Selon une étude fondée sur des données satellitaires, un très fort recul de la végétation dans les steppes mongoles est en cours. Il serait largement dû à l’augmentation du bétail dans le pays. Si les variations des précipitations jouent un rôle important, le surpâturage paraît en être la cause principale. Cette baisse de biomasse végétale est loin d’être homogène sur l’ensemble du territoire, et pose encore question. Cependant, dans les zones limitrophes du désert de Gobi, on attribue plus de 80 % de la perte de végétation au cheptel. Et sur l’ensemble du pays, c’est une perte de 12 % de territoire végétalisé qui a été comptabilisée entre 2002 et 2012 (Hilker et al., 2014). Cette dégradation de la steppe se traduit par une désertification qui prend notamment sa source dans le développement d’un commerce lucratif : celui du cachemire.
Si, depuis la sortie de la Mongolie du bloc soviétique en 1990, les produits de l’élevage comme la viande et la laine ont connu un effondrement de leurs prix, le cachemire, lui, se porte bien et l’élevage des “chèvres cachemires” s’est accru.
De la fin des années 1980 aux années 2000, le cheptel de chèvres a en effet triplé sur l’ensemble du pays. Pour la première fois, les chèvres ont surpassé en nombre les moutons, qui étaient jusqu’ici le moyen de subsistance privilégié des mongols. Cette augmentation soudaine accompagne un constat sévère : dès 2002, 70 % de l’écosystème de steppe est considéré comme dégradé (UNEP, 2002). Les chèvres sont en effet plus efficaces que les moutons pour arracher le moindre brin d’herbe, en les broutant jusqu’à la racine. Ceci favorise l’appauvrissement des sols et contribue à l’envahissement par le sable des terres où le couvert végétal est dégradé. Pour mesurer le poids de l’élevage dans le pays, le nombre de têtes de bétail toutes espèces confondues est passé de 26 millions en 1990 à plus de 66 millions en 2018, pour une population d’un peu plus de 3 millions d’habitants. Le nombre de chèvres a lui explosé dans le même temps, passant de 5 millions à plus de 27 millions de têtes (National Statistic Office of Mongolia).

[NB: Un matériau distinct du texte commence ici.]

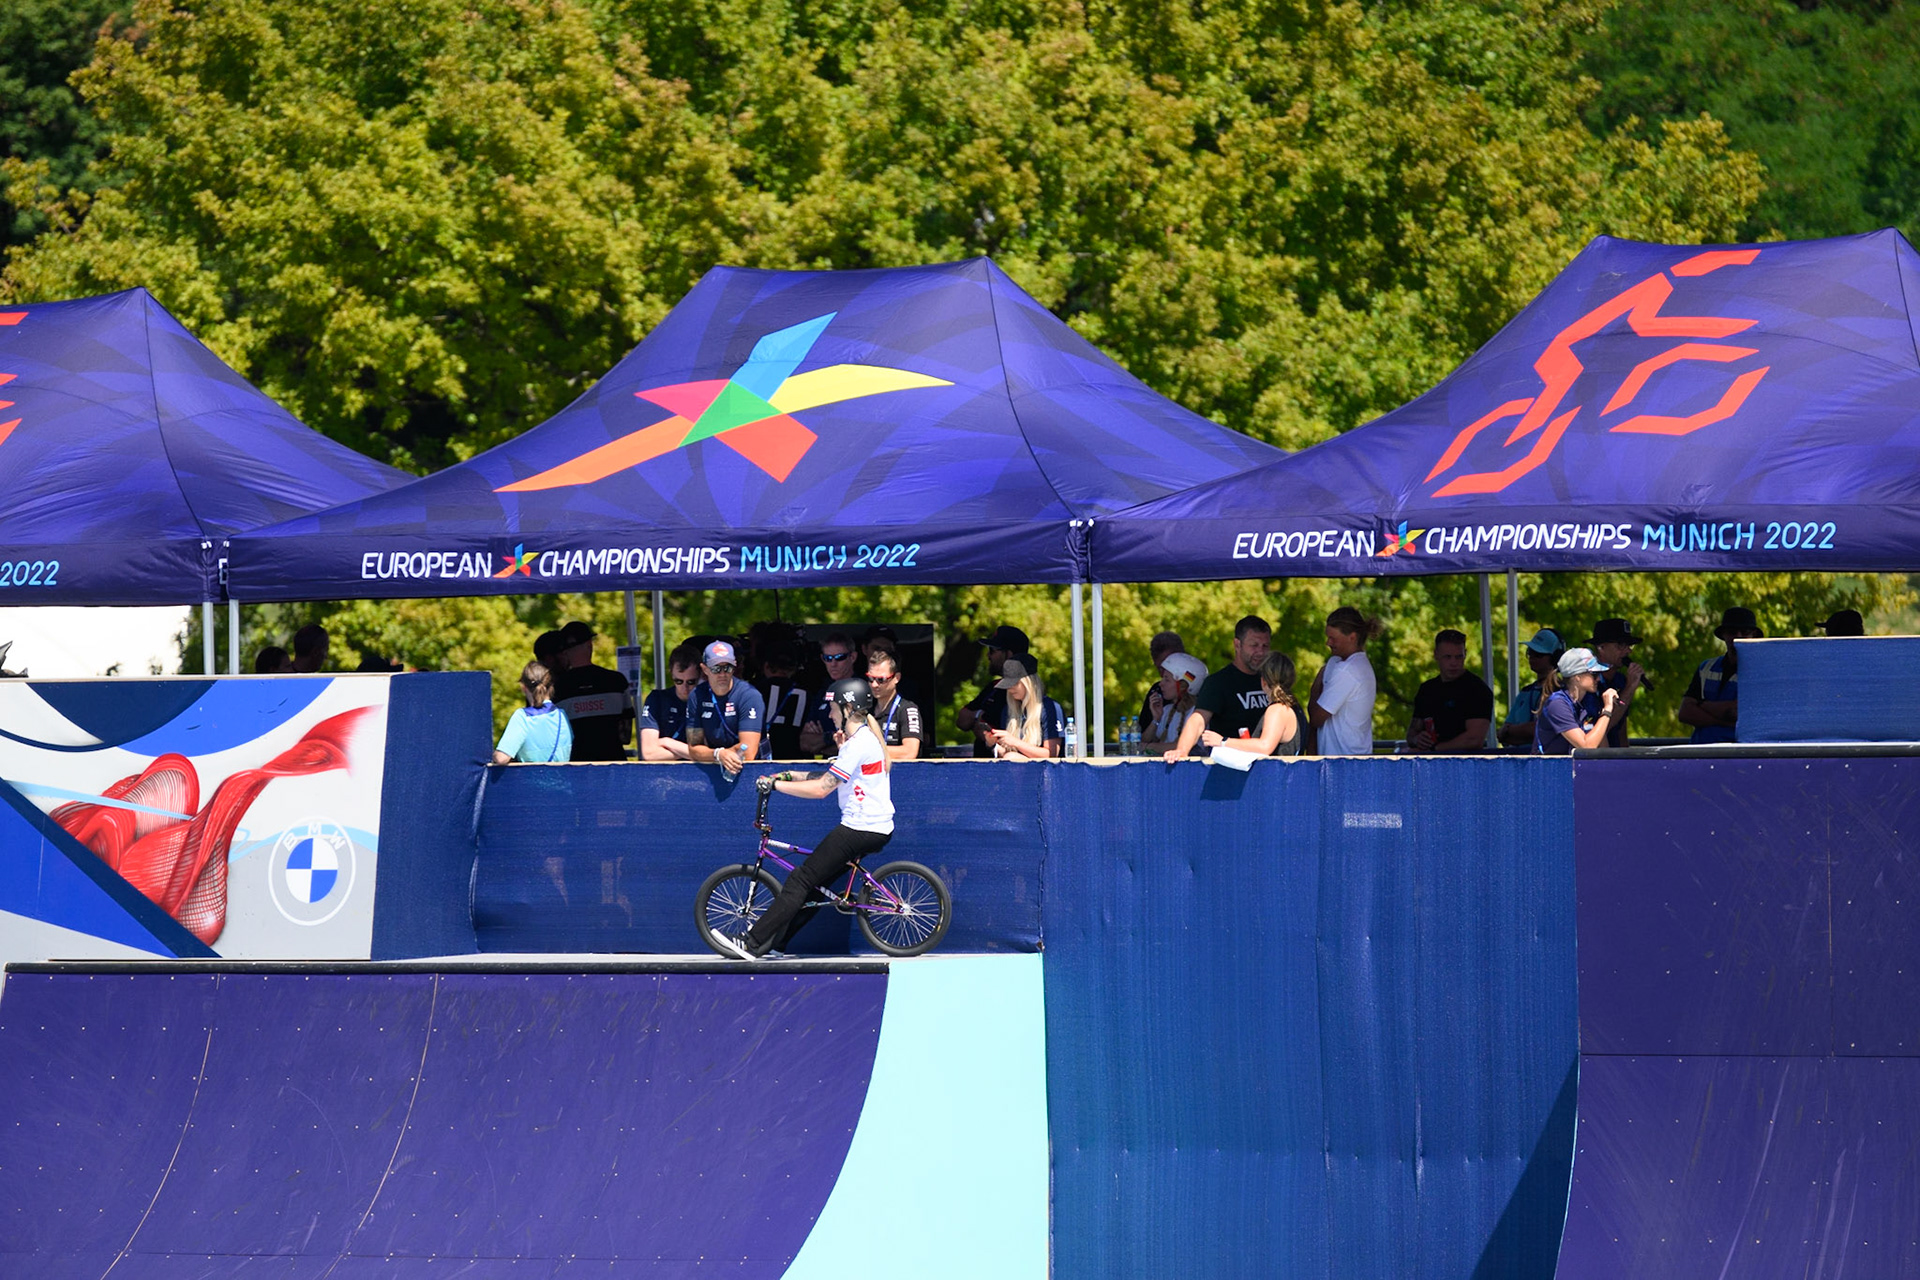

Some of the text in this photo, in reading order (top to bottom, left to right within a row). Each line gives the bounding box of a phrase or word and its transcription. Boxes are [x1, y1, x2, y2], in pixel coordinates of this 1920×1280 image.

[1232, 522, 1837, 559] EUROPEAN CHAMPIONSHIPS MUNICH 2022
[0, 560, 60, 587] 2022
[361, 543, 920, 579] EUROPEAN CHAMPIONSHIPS MUNICH 2022
[573, 699, 605, 714] SUISSE
[283, 822, 346, 851] BMW

Or, les écosystèmes mongols ne peuvent supporter qu’entre 20 et 25 millions de bêtes, et non 66 millions comme aujourd’hui. La végétation mongole en termes de biomasse est encore très importante, avec des variations selon les régions, mais le déclin de biodiversité est déjà mesurable. Entre 1997 et 2008, une étude a mis en évidence le changement de composition et la production des pâturages. En 11 ans, dans les écosystèmes dits de steppes forestières au nord du pays, le nombre d’espèces de plantes a chuté en moyenne de 32,8 %.

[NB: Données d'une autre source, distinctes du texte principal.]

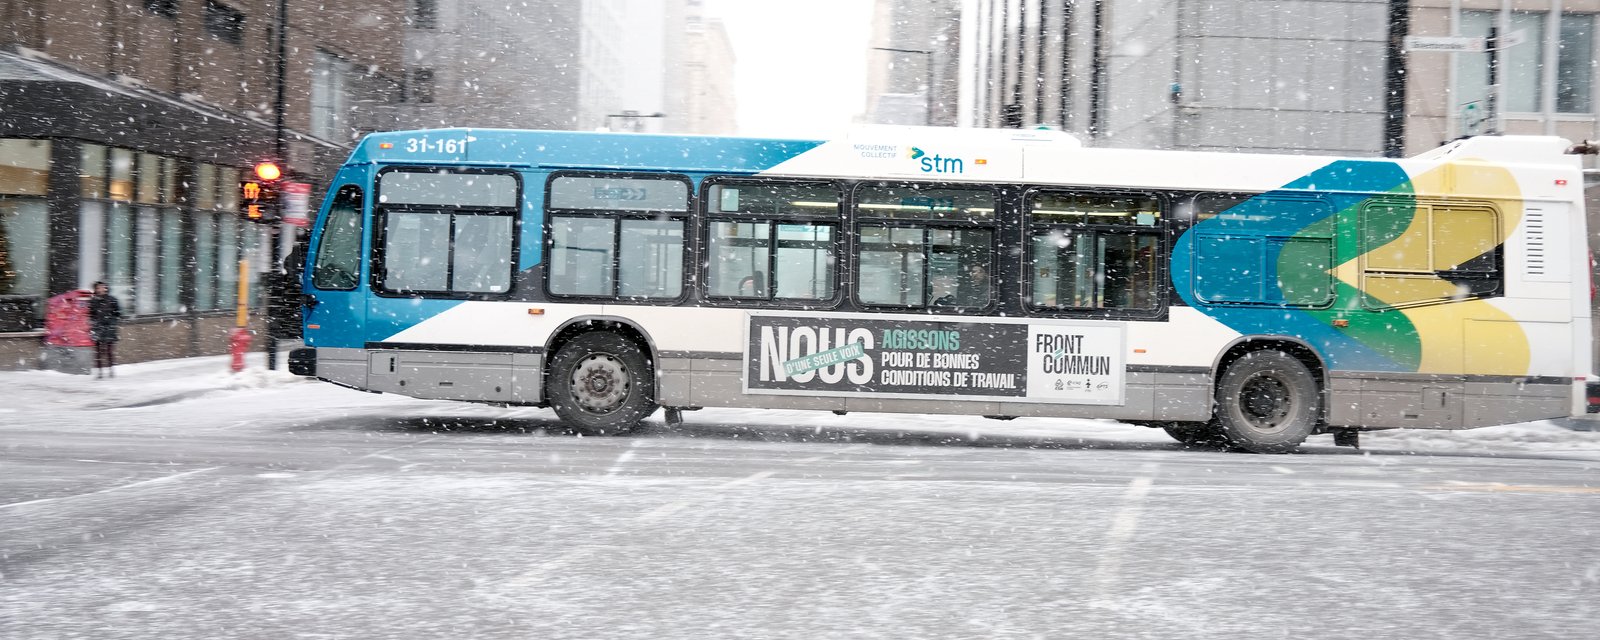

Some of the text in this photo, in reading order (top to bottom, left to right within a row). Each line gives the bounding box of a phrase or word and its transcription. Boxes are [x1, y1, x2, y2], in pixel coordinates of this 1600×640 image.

[406, 138, 466, 154] 31-161
[853, 144, 897, 152] MOUVEMENT
[861, 151, 897, 159] COLLECTIF
[920, 153, 963, 173] stm
[881, 329, 960, 351] AGISSONS
[1036, 333, 1085, 354] FRONT
[760, 325, 875, 385] NOUS
[785, 344, 861, 374] D'UNE SEULE VOIX
[881, 351, 980, 370] POUR DE BONNES
[1043, 354, 1110, 375] COMMUN
[881, 370, 1017, 389] CONDITIONS DE TRAVAIL

Dans la région centrale du Bayan Ovoo, une étude a montré que la densité de chèvres sur le territoire a été multipliée par 6, celle en mouton par 2 entre 1994 et 2013. Dans le même temps, les chercheurs ont constaté une chute significative de la diversité des espèces de plantes dans les steppes des zones montagneuses. Certaines espèces herbacées caractéristiques de ces régions ont laissé place à d’autres, plus tolérantes au broutage et à la sécheresse. La couverture en arbuste (Artemisia frigida) a également chuté. Ces arbustes sont consommés par tout type de bétail, mais préférés par les moutons et les chèvres. Le changement de composition des élevages, composé majoritairement de chèvres et de moutons, a bien des effets négatifs sur la biodiversité (Khishigbayar et al., 2015).
Par ailleurs, le développement d’autres activités humaines a eu d’importants impacts environnementaux, notamment depuis ces trente dernières années. Les activités minières et la déforestation ont accompagné l’intensification du pâturage dans la destruction progressive des sols, la fréquence des tempêtes de sable ou encore la dégradation de la végétation dans certaines régions.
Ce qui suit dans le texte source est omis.